On December 23, Toyota held a farewell ceremony for the beloved Mark II and Mark X sedan. The final example, a white Mark X 250G, rolled off the line at Toyota’s second-oldest plant, the Motomachi factory in Aichi Prefecture, as workers waved goodbye. The car was immediately driven to a small sendoff where it was parked beside a first-generation Corona Mark II, the car that started it all.
The Mark II began life as an offshoot of the Corona line, with a stretched nose and bigger engine options. It allowed Toyota to offer near-Crown luxury in a middle-class sedan, and became so popular that it spawned its own chassis code and nameplate.
Actually, it spawned three nameplates in Japan and another abroad. There was the bread and butter Mark II, the sportier Chaser, and the more formal and conservative Cresta. If you bought one in the US, it was called the Cressida. It became the definitive middle-class sedan and rival Nissan attempted to go head-to-head with the Skyline, Laurel, and Cefiro, but Toyota had them beat.
At its peak, just before the bubble burst, Toyota was selling an astounding 20,000-plus units per month. At this time there were 20 Mark II variations for the Japanese market and 28 variations for overseas, a mix of body styles, engines, and transmissions. Toyota had never before offered such a large number of models simultaneously in large-scale mass production.
In 1990, the X70 generation proved so hot that it even out-sold the Corolla and reached number one in Japanese sales charts. According to a company spokesman, Toyota sold 6,518,000 Mark II (across all nameplates) and 363,500 Mark X in all, for a grand total of 6,881,500.
One factory couldn’t keep up with the demand. The Motomachi factory built about half the production run, 3,495,000 units (the rest were split between Kanto Auto Works, Higashi-Fuji, and Kyushu Miyata). On the day the final Mark X was built, Toyota held a small send-off attended by about 200 employees. However, in a rare move, Toyota opened the ceremony to non-employees. In addition to the first and final generations, 1979, 1984, and 1988 Mark IIs were on display to welcome the guests.
Plant manager Hiroyoshi Ninoyu, who joined the company in the mid-1980s, has devoted 35 years of his life to the Mark II. He addressed the attendees in Japanese. “When I joined Toyota I was training at a Corolla dealership and everyone around me was telling me to buy an AE86. I put that aside and on a sunny day I bought a fifth-generation [X70] Mark II. It had a huge presence for me and it was love at first sight. I think the styling is beautiful even now.”

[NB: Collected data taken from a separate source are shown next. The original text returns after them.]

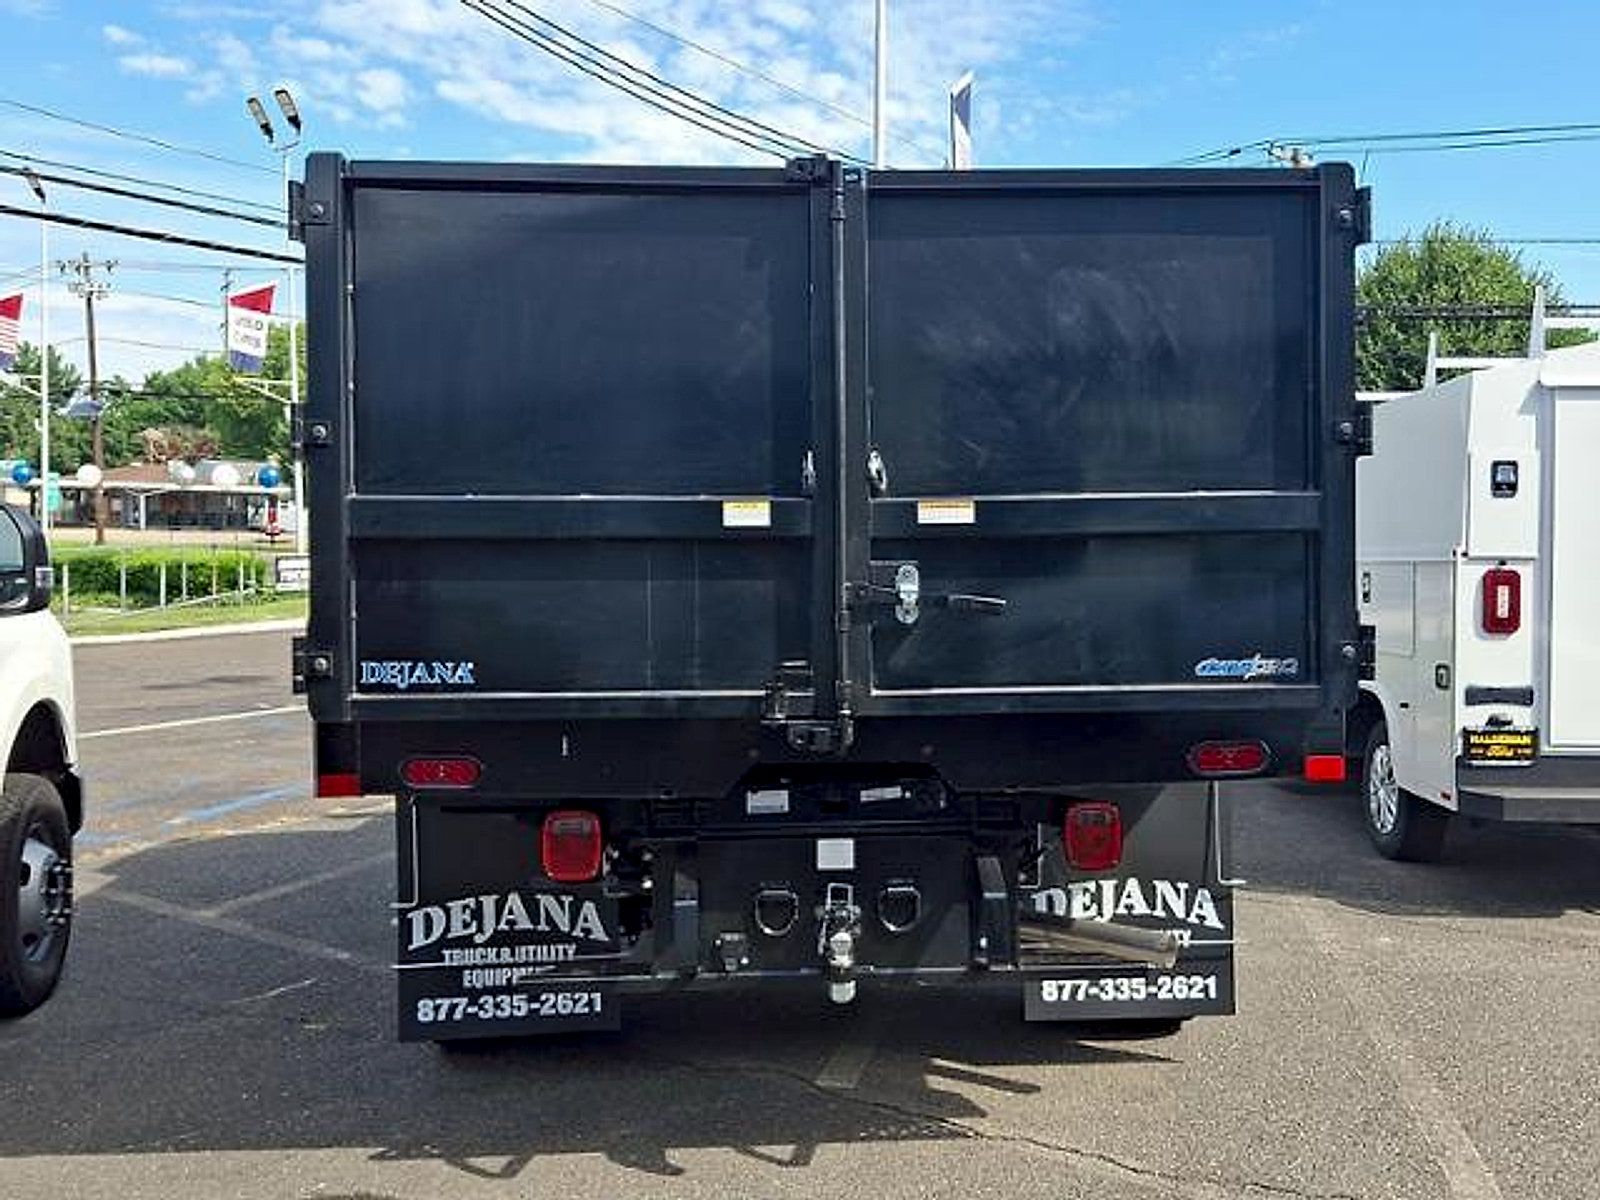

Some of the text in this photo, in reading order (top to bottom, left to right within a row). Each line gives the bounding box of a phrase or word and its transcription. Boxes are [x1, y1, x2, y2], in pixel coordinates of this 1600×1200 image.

[360, 661, 475, 688] DEJANA
[407, 891, 609, 951] DEJANA
[441, 947, 498, 966] TRUCK
[514, 943, 577, 962] UTILITY
[1041, 975, 1217, 1002] 877-335-2621
[416, 992, 602, 1022] 877-335-2621

Ninoyu described that at peak popularity, because Motomachi was the primary factory for the model, production went into overtime on a daily basis. He trained many line workers, watched them grow over the years, and believes everyone at Motomachi is really proud to have built the Mark II and Mark X.

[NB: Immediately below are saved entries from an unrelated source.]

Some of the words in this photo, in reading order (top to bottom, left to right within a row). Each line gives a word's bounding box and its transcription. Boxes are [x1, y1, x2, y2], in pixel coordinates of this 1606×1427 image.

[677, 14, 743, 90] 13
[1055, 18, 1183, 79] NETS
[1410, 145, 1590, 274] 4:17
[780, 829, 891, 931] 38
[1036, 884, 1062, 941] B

Sadly, due to the popularity of vans and SUVs, sales in recent years have been a pale shadow of their former glory. In 2017, Toyota sold just 8,460 Mark X models, and 2018 was even more dismal at just 4,108.
Ninoyu confirmed the situation. “We couldn’t beat the wave of one-boxes and SUVs, but we found that there were still many enthusiasts who wanted a manual transmission, rear-wheel-drive car.” This was a reference to Gazoo Racing’s limited-production GRMN models, of which 100 were built in 2015 and 350 in 2019.

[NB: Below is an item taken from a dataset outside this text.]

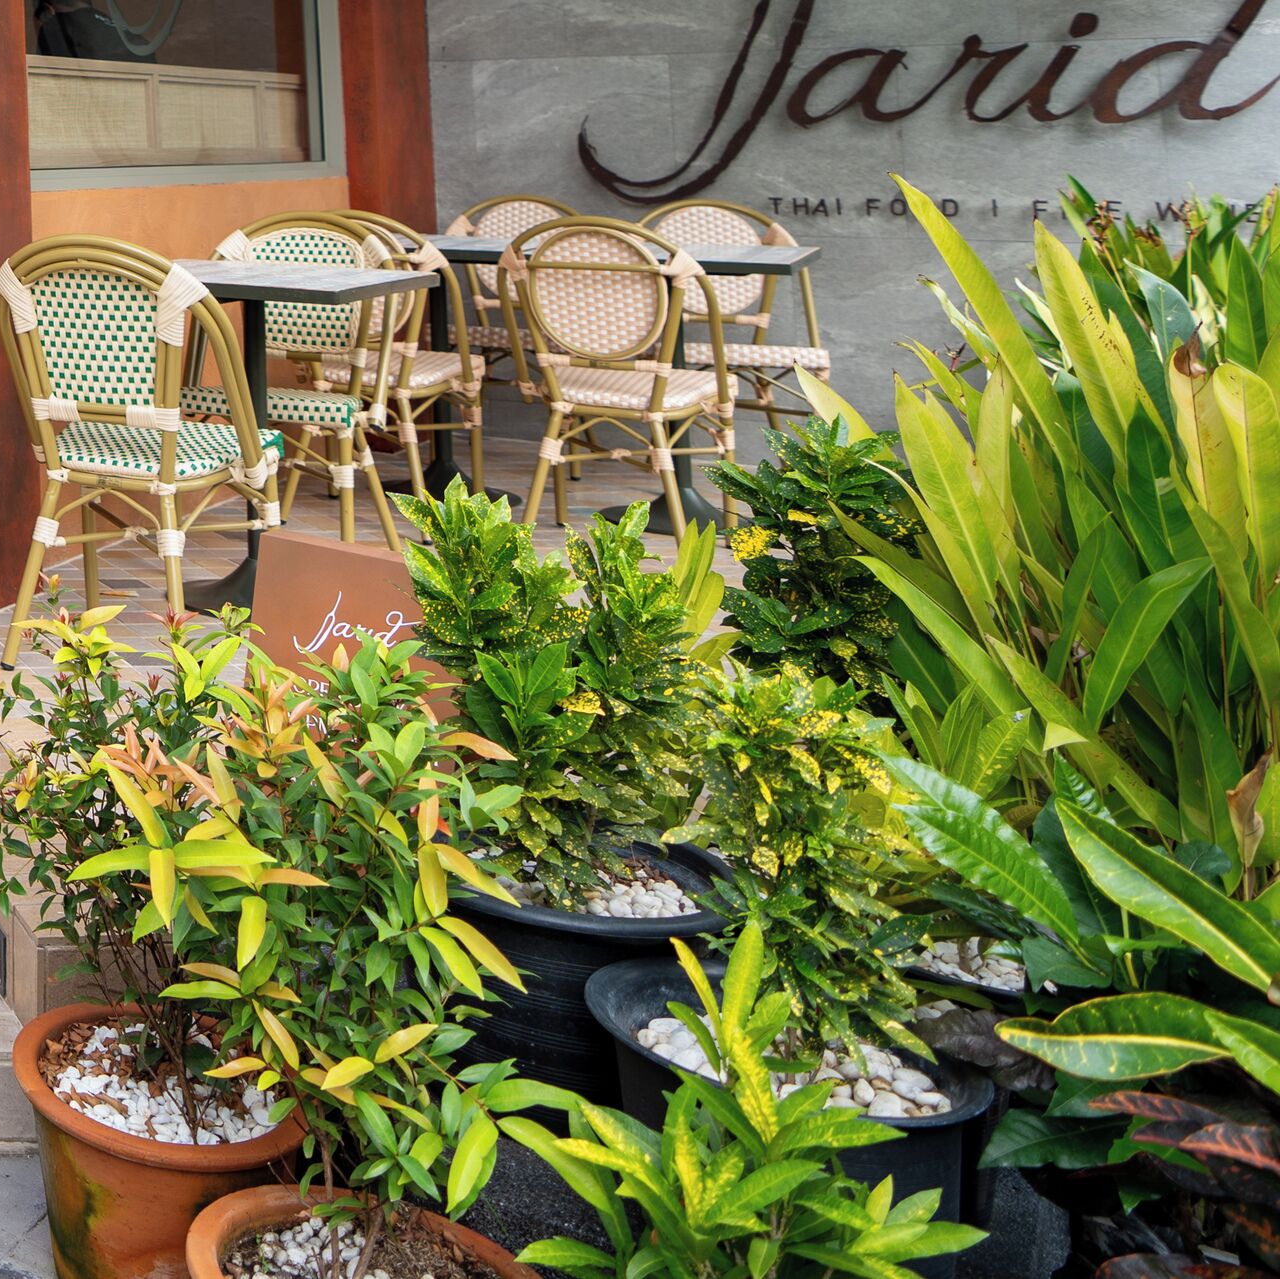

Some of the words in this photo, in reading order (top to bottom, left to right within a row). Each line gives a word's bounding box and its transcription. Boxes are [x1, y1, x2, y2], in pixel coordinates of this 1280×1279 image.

[767, 197, 842, 217] THAI
[866, 198, 959, 217] FOD
[1032, 199, 1123, 221] FE

“Both sold out immediately, so I thought, ‘There’s no car that was so beloved,’ Ninoyu continued. “I’m really proud, and really happy to be able to send off the final car with you today. I’ve been supporting the Mark X and three Mark II brothers for a long time. I’d like to thank all those who have done so as well.”
It was a solemn goodbye, but Ninoyu ended on a hopeful note when asked about the future of the Motomachi factory. “Our plant has the advantage of being able to build electrified vehicles… I hope to see a car loved by all make a comeback, and will wait for the day whe we can make, for example, the ‘Mark E’!”
At the exit, attendees were gifted a pastry decorated with the words, “Thank you Mark X!” The Motomachi plant continues to build Crowns, Lexuses, and the Mirai hydrogen fuel cell car. After 51 years and 11 generations, the Mark II and Mark X story has come to a close.